Actually, there are two secrets. First, there is a hidden condition that should be called the "secret of obtaining the optimal solution"; this condition works with Annealing Cloud Web's CMOS annealing machine, not with the Ising Editor. Another thing to note: not all network optimization problems can be solved with a CMOS annealing machine. Moving ahead, in this demo application, no matter how many servers are installed, each server is only connected with up to 4 other servers. The CMOS annealing machine running on the Annealing Cloud Web performs optimization processing using a lattice-like (also known as a King's graph, a structure in which one spin is connected to eight spins) Ising model. The optimization process is performed on an Ising model of the lattice.Therefore, although the limitation on the number of servers that can be connected is not taken into account in the formulation, it is possible to run this application that derives the optimal solution from a network that connects four vertices, which is less than eight. In addition, the specification to connect only to 4 servers is realized as an application specification.

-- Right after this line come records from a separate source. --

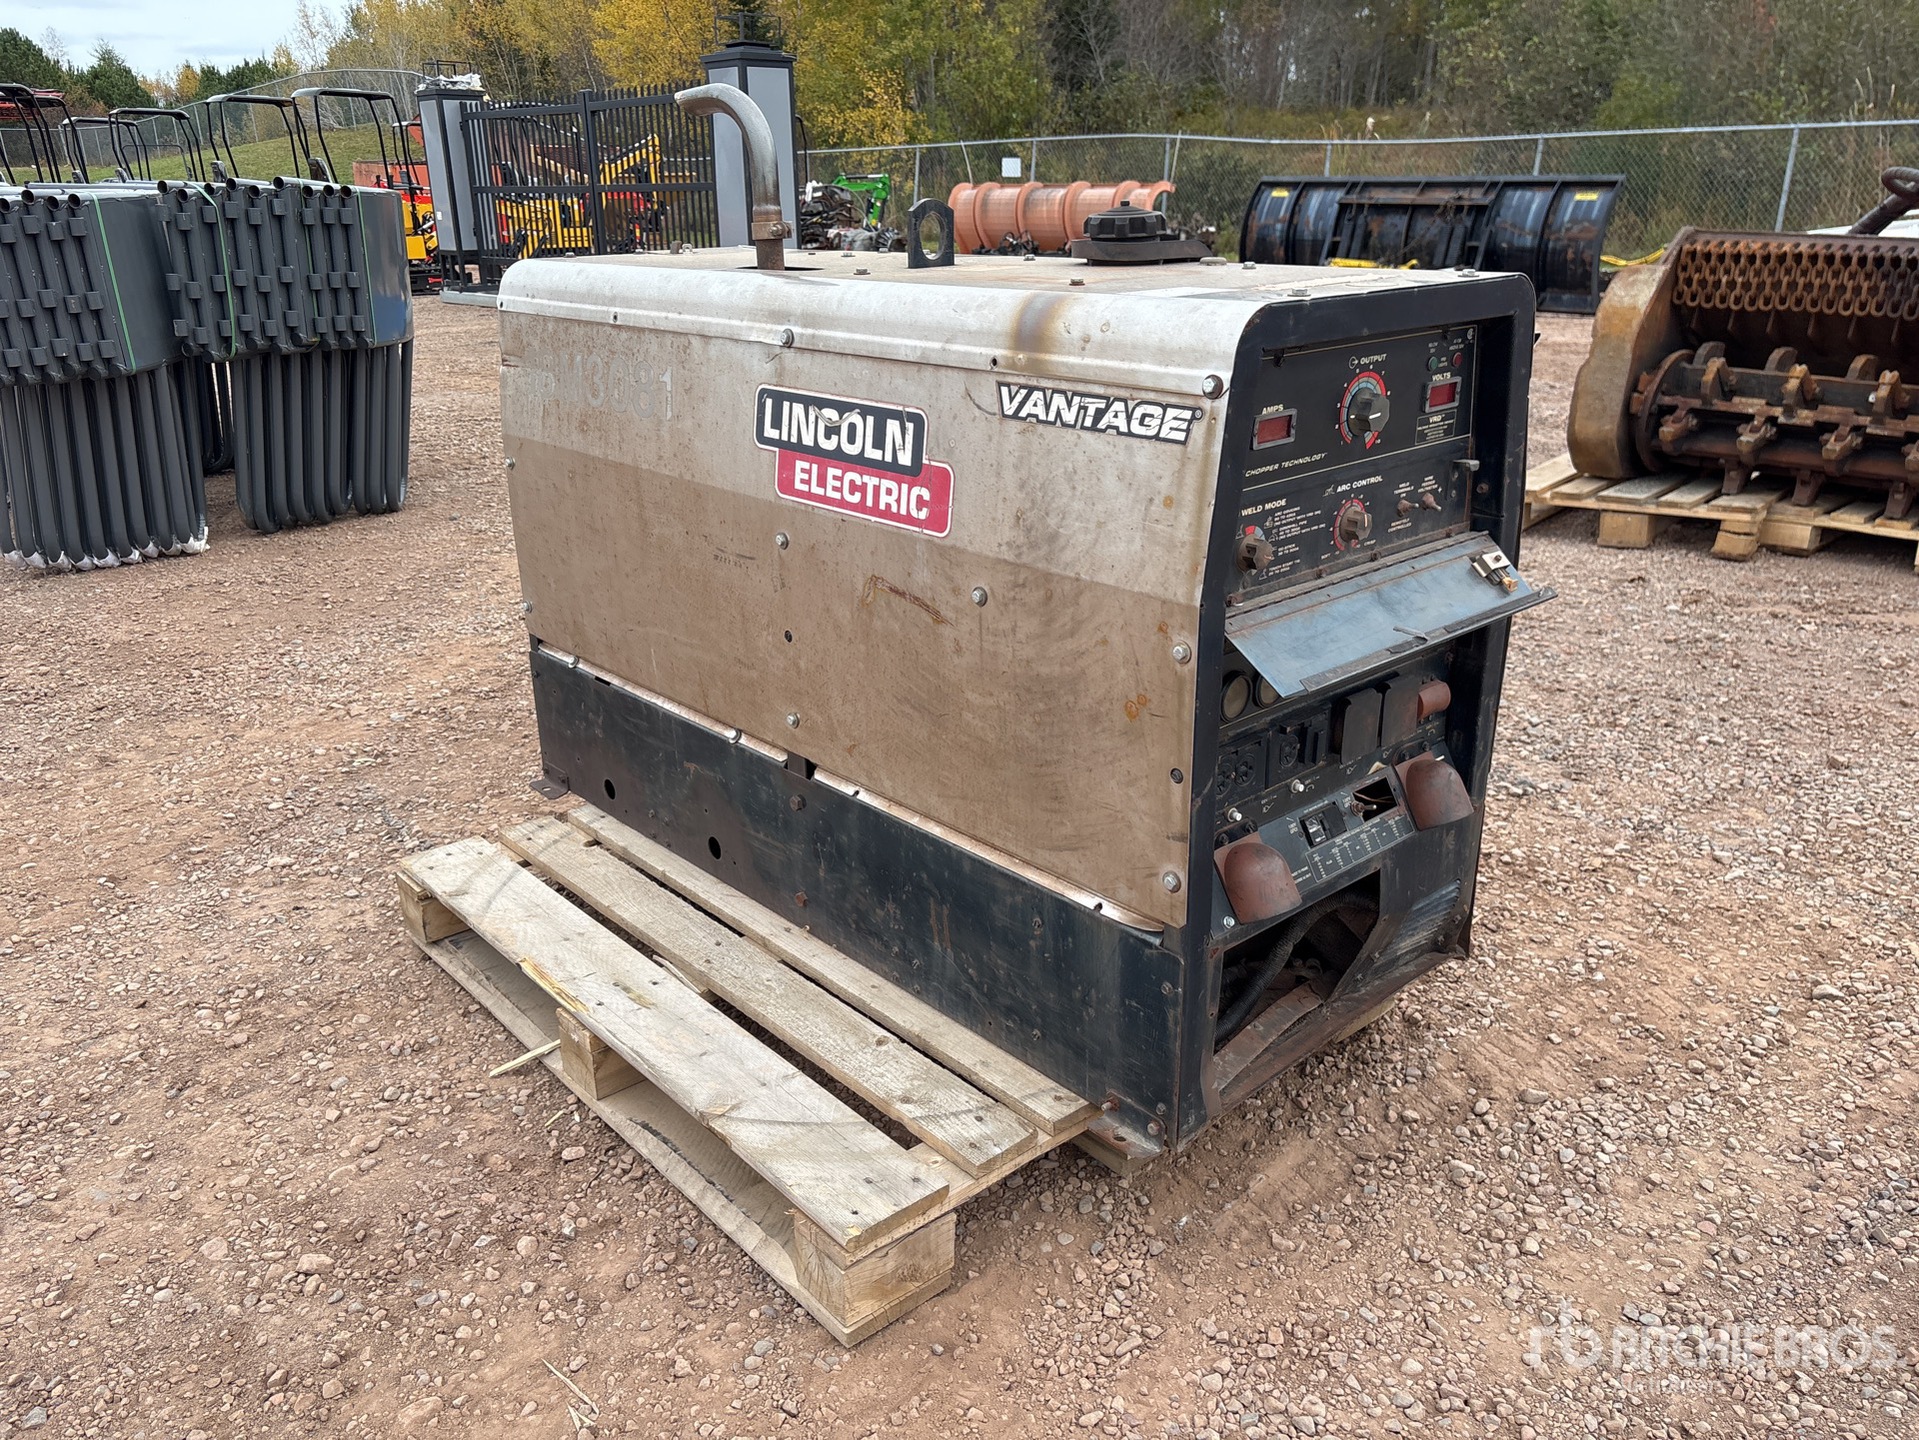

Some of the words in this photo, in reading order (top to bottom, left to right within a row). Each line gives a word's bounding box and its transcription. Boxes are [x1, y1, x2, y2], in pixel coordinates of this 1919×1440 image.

[1360, 354, 1387, 364] OUTPUT
[1432, 372, 1451, 381] VOLTS
[1000, 385, 1193, 441] VANTAGE
[1262, 404, 1284, 415] AMPS
[763, 397, 914, 467] LINCOLN
[1246, 464, 1279, 477] CHOPPER
[1281, 453, 1326, 468] TECHNOLOGY
[793, 459, 931, 520] ELECTRIC
[1337, 484, 1351, 492] ARC
[1352, 475, 1383, 488] CONTROL
[1241, 505, 1263, 516] WELD
[1265, 499, 1286, 510] MODE

Another secret answers the question of why the network robustness optimization process can be performed by the Ising Editor, which is even more constrained than the Annealing Cloud Web annealing machine. The interaction coefficient for network robustness construction is only 1 in this case. The Ising Editor can be populated with any value in the range -3 to 3.

### Summary

• The solution obtained by the optimization process of the annealing machine is a combination of which spins are upward or downward.
• The Ising Editor can solve the Ising model problem by entering spin external field coefficients and interaction coefficients between -3 and 3.
• The solution (spin direction) that emerges from each run is different, but the energies are all minimal, indicating that an optimal solution* is obtained.
*Inherently, only the optimal solution is not always derived, and this result shows only the optimal solution due to the small size of the problem.
• If you put in the wrong input data, it will not return an error.